Do UOL, em São Paulo

23/05/2014 06h00

O Atlético de Madri é um fato novo na temporada 2013/2014 do futebol espanhol. Campeão nacional e finalista da Liga dos Campeões da Uefa, o time dirigido pelo argentino Diego Simeone conseguiu interromper a bipolarização do país a despeito de estar distante da realidade financeira de Real Madrid e Barcelona, clubes que mais faturam no planeta. Menos rica e mais aguerrida, a equipe madrilena só não pode ser vista como coitadinha. A história de ascensão dos “colchoneros” está diretamente ligada à participação de líderes totalitários.

O caso mais recente e mais significativo para o atual Atlético de Madri é o do patrocínio máster. O time madrileno tem contrato com o governo do Azerbaijão, país egresso da União Soviética que tem pouco mais de 9 milhões de habitantes e conta com grandes reservas de gás natural e petróleo.

O Azerbaijão é governado desde 31 de outubro de 2003 por Ilhan Aliyev. Ele assumiu o poder após a morte do pai, Heydar Aliyev, que havia presidido o país entre 1993 e 2003 – mas que também havia sido o principal dirigente nacional de 1969 a 1982.

Ilhan é sustentado no poder por eleições, mas esses processos foram envoltos em polêmicas. Em 2013, por exemplo, ele recebeu 85% dos votos válidos. Segundo pesquisa da IEOM (sigla em inglês para Missão Internacional de Observação de Eleições), o mandatário era avaliado como ruim ou muito ruim por 58% da população. A entidade identificou problemas em listas, protocolos e resultados do pleito.

Relatório da OSCE (Organização para Segurança e Cooperação na Europa) também apontou irregularidades, como votos para a oposição que foram contabilizados  para a situação. O documento ainda relatou restrições ao trabalho da imprensa.

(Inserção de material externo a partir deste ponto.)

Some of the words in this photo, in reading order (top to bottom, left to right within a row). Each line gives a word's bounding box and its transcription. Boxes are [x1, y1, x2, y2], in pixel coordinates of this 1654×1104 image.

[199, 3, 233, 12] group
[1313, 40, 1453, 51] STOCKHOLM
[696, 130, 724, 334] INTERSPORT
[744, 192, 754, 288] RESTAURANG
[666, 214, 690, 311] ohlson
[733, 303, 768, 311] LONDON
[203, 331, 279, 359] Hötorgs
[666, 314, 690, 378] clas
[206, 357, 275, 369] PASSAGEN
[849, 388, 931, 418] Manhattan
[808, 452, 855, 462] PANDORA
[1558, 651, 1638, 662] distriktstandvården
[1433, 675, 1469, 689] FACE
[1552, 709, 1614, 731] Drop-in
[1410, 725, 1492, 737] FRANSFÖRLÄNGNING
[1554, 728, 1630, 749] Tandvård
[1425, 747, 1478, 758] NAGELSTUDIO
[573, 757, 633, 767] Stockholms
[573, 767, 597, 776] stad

Na próxima semana, o secretário-geral do Conselho da Europa, Thorbjorn Jagland, fará uma visita a Baku, capital do Azerbaijão. A liberdade ao trabalho da imprensa será um dos principais assuntos da viagem – o tema ganhou relevância depois da prisão de Perviz Hashimli, do diário Bizim Yol (“Nosso caminho”, em tradução livre), veículo contrário ao governo. Hashimli, membro do partido oposicionista Frente Popular do Azerbaijão, foi condenado a oito anos de detenção por posse ilegal e tráfico de armas. Os correligionários do jornalista defendem que as acusações são falsas e que foram plantadas para cercear o trabalho investigativo dele.

A renda per capita anual do Azerbaijão subiu de US$ 1.844 para US$ 8.153 entre 1995 e 2013 – o país tornou-se independente da União Soviética em 1991. No entanto, a ascensão econômica contribuiu pouco para indicativos sociais. O país passou a ter mais dinheiro, e isso apenas aumentou a distância entre ricos e pobres. Segundo relatório publicado em 2013 pela ONU (Organização das Nações Unidas), a nação governada por Aliyev tem apenas o 82º IDH (Índice de Desenvolvimento Humano) do planeta – o Brasil é o 85º colocado do ranking.

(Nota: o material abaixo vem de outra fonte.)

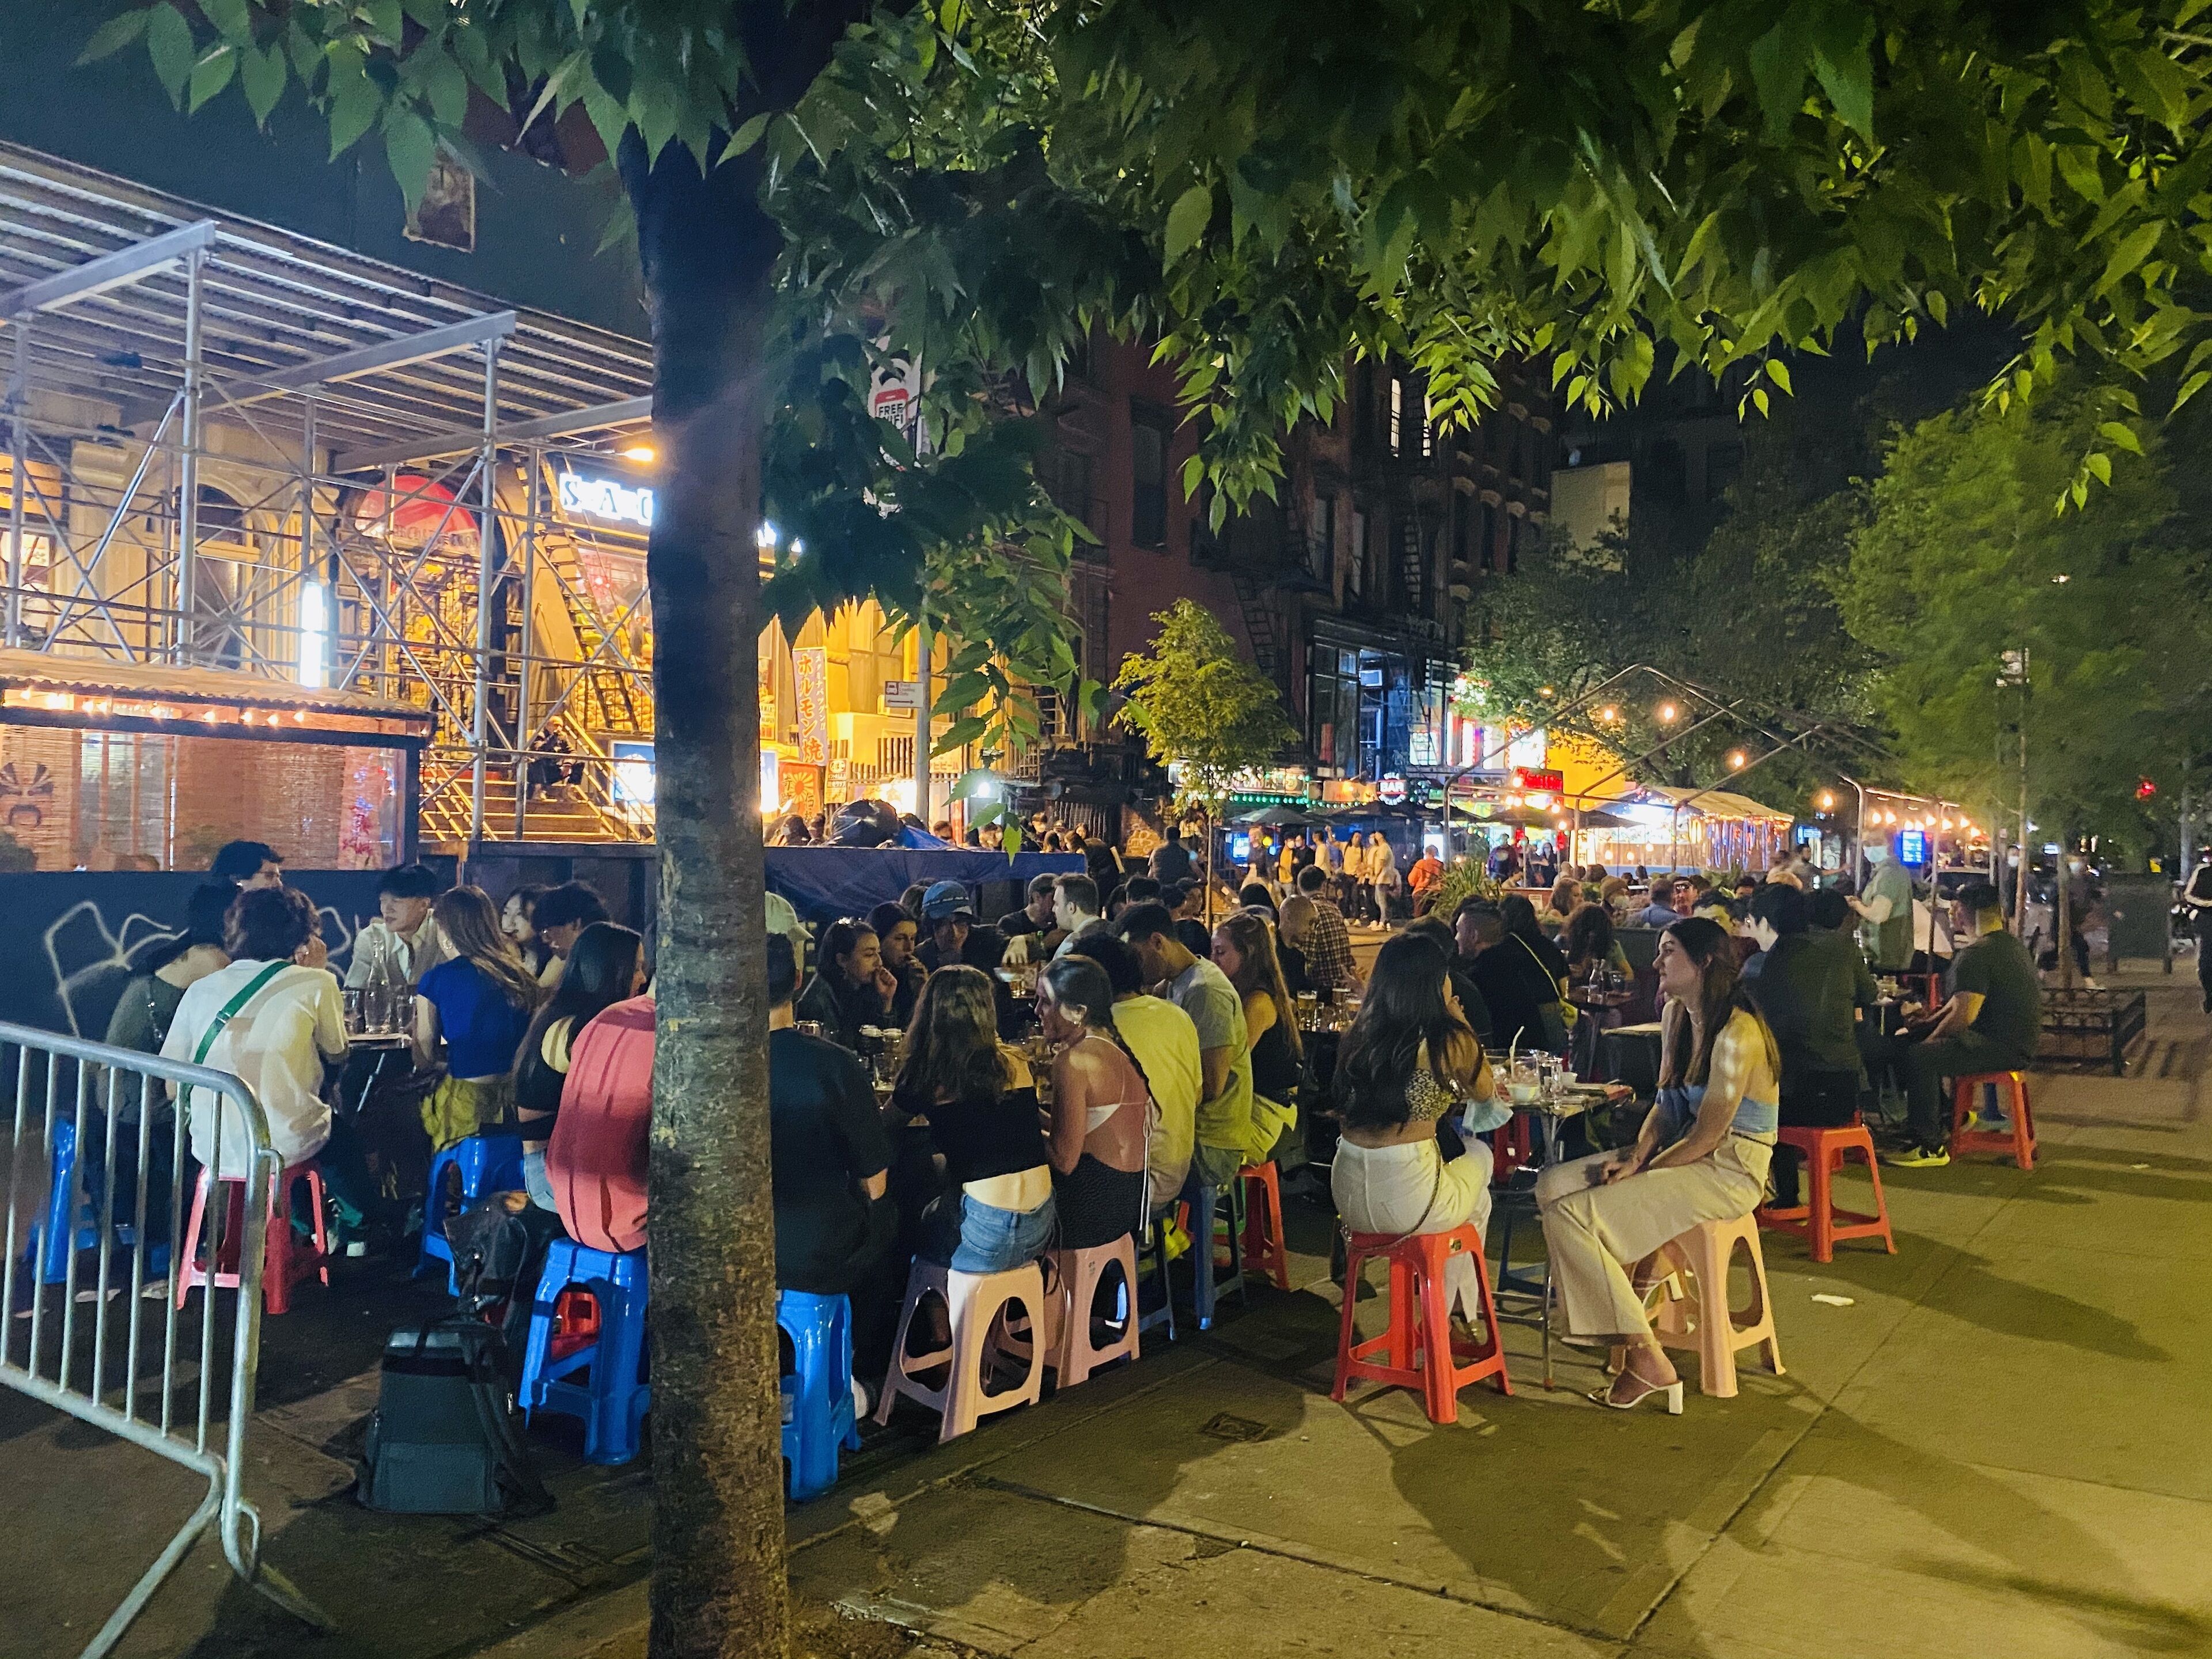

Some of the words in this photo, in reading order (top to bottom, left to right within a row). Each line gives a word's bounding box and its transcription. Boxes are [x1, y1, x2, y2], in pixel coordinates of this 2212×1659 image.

A pesquisa da ONU ainda apontou que o índice de satisfação da população do Azerbaijão com a vida atual é 4,7 (sendo 0 o menos satisfeito e 10 o mais satisfeito). No Brasil, por exemplo, a taxa é 6,8.

O índice de satisfação com liberdade de escolha no Azerbaijão é outro dado que ilustra a situação do país: 49% dos habitantes aprovam o atual estágio. Usando o Brasil mais uma vez como parâmetro, 80% da população local diz estar feliz nessa seara.

“Olhando pelo lado do time, fica uma incógnita. Dinheiro é sempre bom, mas até que ponto é bom associar sua marca a um dinheiro vindo de um país com essas características? O Atlético de Madri é uma marca muito forte, e os dirigentes têm de saber com quem estão se associando. Não apenas no curto prazo, mas isso é algo que vai ficar registrado para sempre. No futuro, as pessoas verão imagens do time desta temporada e verão a marca do Azerbaijão”, lembrou Fabio Interaminese, sócio e diretor de atendimento da operação brasileira da agência Works, que trabalha com branding no esporte.

“Temos um caso recente no Brasil, que é o do Botafogo. Eles assinaram um contrato com a Telexfree, uma empresa associada a denúncias sobre esquemas de pirâmide financeira. Às vezes, a mentalidade imediatista dos dirigentes é um risco muito grande para os atributos que formam a imagem do clube”, completou o executivo.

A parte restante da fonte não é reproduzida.